Mary, dark and plump with unruly chestnut curls arranged in a gravity-defying coif, had desperate need of a dictionary. Sophia doubted the melodramatic girl understood the definition of “impertinent” versus “impotent,” and accused a footman of being the latter, to Lord Devon’s amusement.
Elise, the eldest, had answered, “Why, yes, I know!” when Aunt Louisa commented that she had grown into a bewitching, elegantly developed young woman.
As pretty as peacocks, the three of them, with manners to match. And Wilhelm wanted Sophia to turn them into diamonds of the first water? She knew they’d been raised without a mother the past nine years, but how had matters come to this?
“Make them presentable at court, and I will petition your sainthood,” Wilhelm muttered in her ear as he passed behind her.
“I might find them penniless husbands for their fortunes, W
ilhelm, but do you know many deaf bachelors?” she breathed, knowing he could hear as he paced behind her.
“How long do we have?” Mercy. He muttered it right on the back of her neck, chasing shivers down her spine with his breath.

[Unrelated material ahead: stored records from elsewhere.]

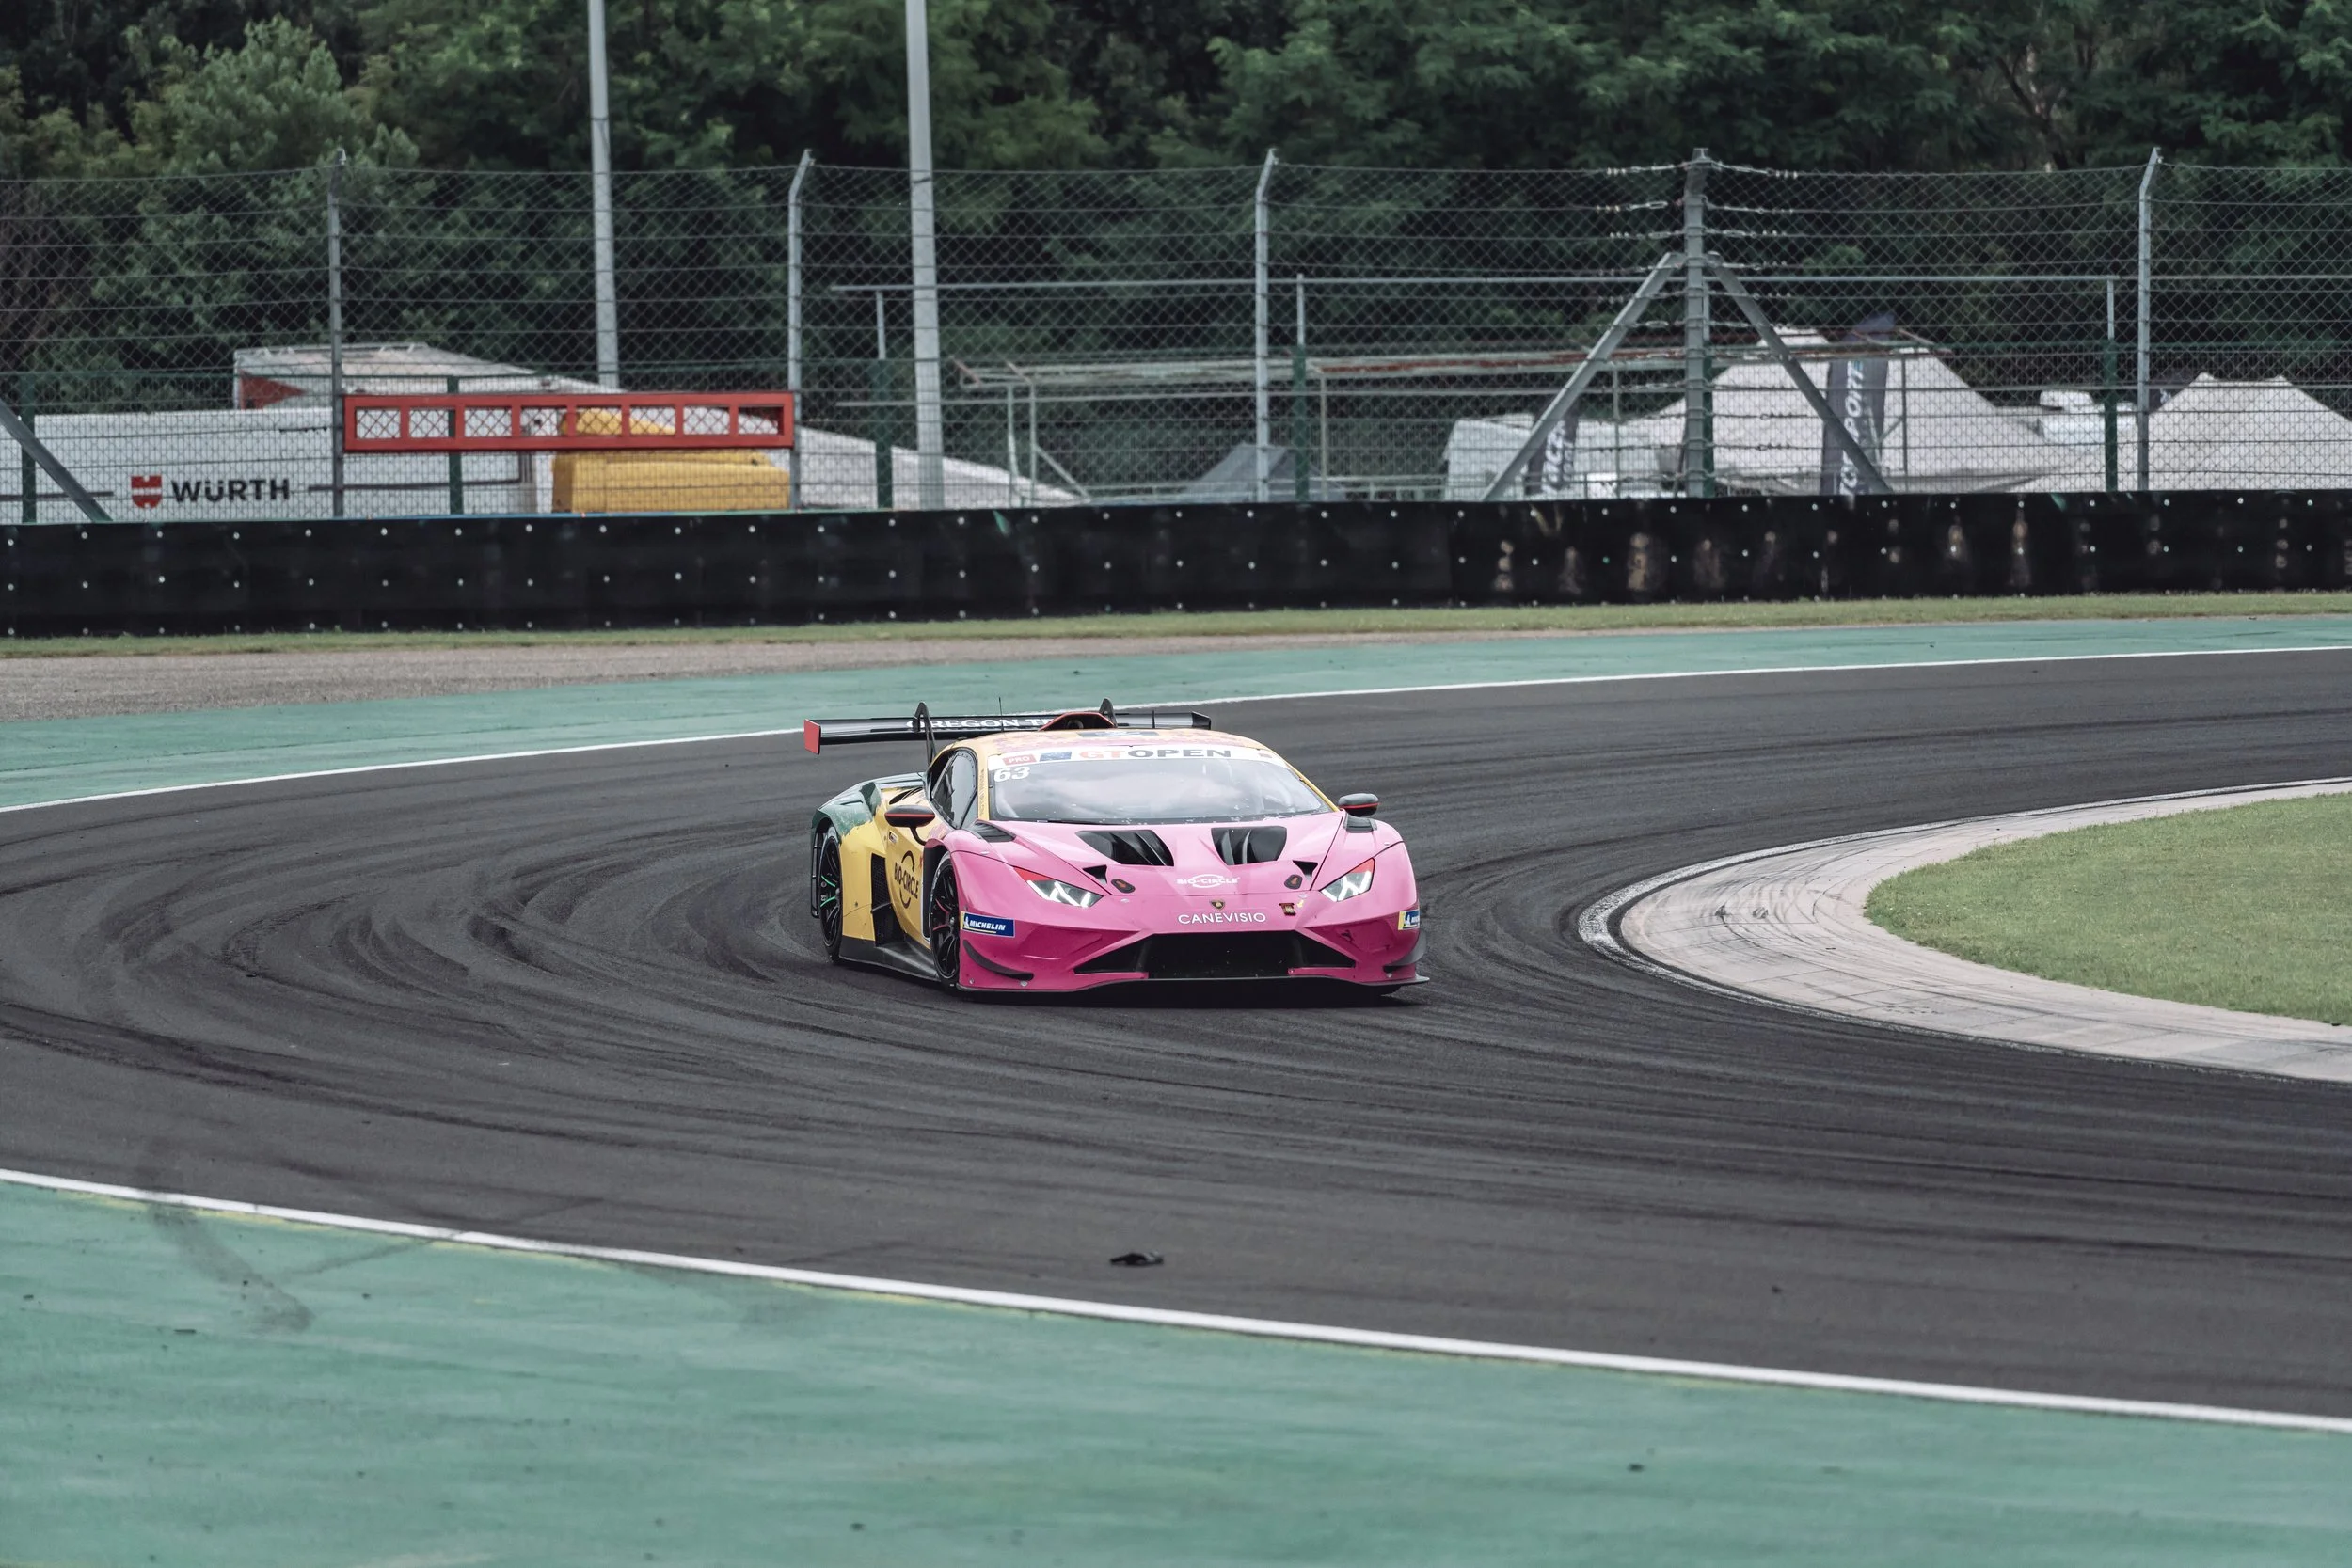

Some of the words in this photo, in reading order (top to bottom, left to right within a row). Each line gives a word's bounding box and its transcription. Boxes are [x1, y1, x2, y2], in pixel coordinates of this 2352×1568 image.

[171, 478, 291, 502] WÜRTH
[1009, 755, 1030, 764] PRO
[993, 766, 1031, 782] 63
[1178, 912, 1266, 924] CANEVISIO
[969, 919, 1007, 931] MICHELIN

Sophia studied Elise, who at age nineteen should debut in only a few months’ time with the start of the London Season. A delay would cause speculation as to her eligibility — meaning the ton would assume she was either promiscuous or broke. “Not this year, I’m afraid. Perhaps next. How badly do you want her to make a match before twenty-and-one?”
“Eighty thousand pounds. A hundred. Double, if I must.”

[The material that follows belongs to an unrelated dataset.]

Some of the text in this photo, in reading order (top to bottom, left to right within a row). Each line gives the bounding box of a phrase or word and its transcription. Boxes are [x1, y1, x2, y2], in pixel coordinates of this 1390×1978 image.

Sophia wondered if Lord Devon could truly pay quadruple the fortune the few wealthiest diamonds of the first water boasted. He didn’t seem to be joking.
“That shouldn’t be necessary, my lord. If she remains silent, most men will take one look at her and profess undying devotion. What happens if any care to measure her character is out of our hands.”
Madeline startled everyone by dashing across the room and throwing herself into Wilhelm’s lap. He cradled her as she buried her face in his chest and sobbed.
“Hush, darling. Now what is the matter?” Lord Devon crooned. When Madeline didn’t answer, he ducked his head and whispered a quiet conversation with her, then she nodded and blew her nose in his handkerchief. Wilhelm wiped the tears dewing her absurdly long eyelashes then turned her sideways to rest on his shoulder. She curled small dainty hands around his thick arm, holding tightly as though she feared being ripped away.
“You shall have a pony, Madeline. A white one. And Philip is sailing from the Baltic; your brother sent me a wire just yesterday. You must be patient, my sweet.”
Revealing that the late Sir Eldrich Cavendish’s youngest daughter foremost mourned the loss of her pony. His two elder daughters, judging by the levity in their attitudes, mourned their father not at all. He had certainly neglected their educations — a crime Sophia found unforgivable, since a woman’s eligibility in the marriage market determined her well-being for life. Which was why she owed it to Wilhelm to help the Cavendish girls catch husbands who would make them happy.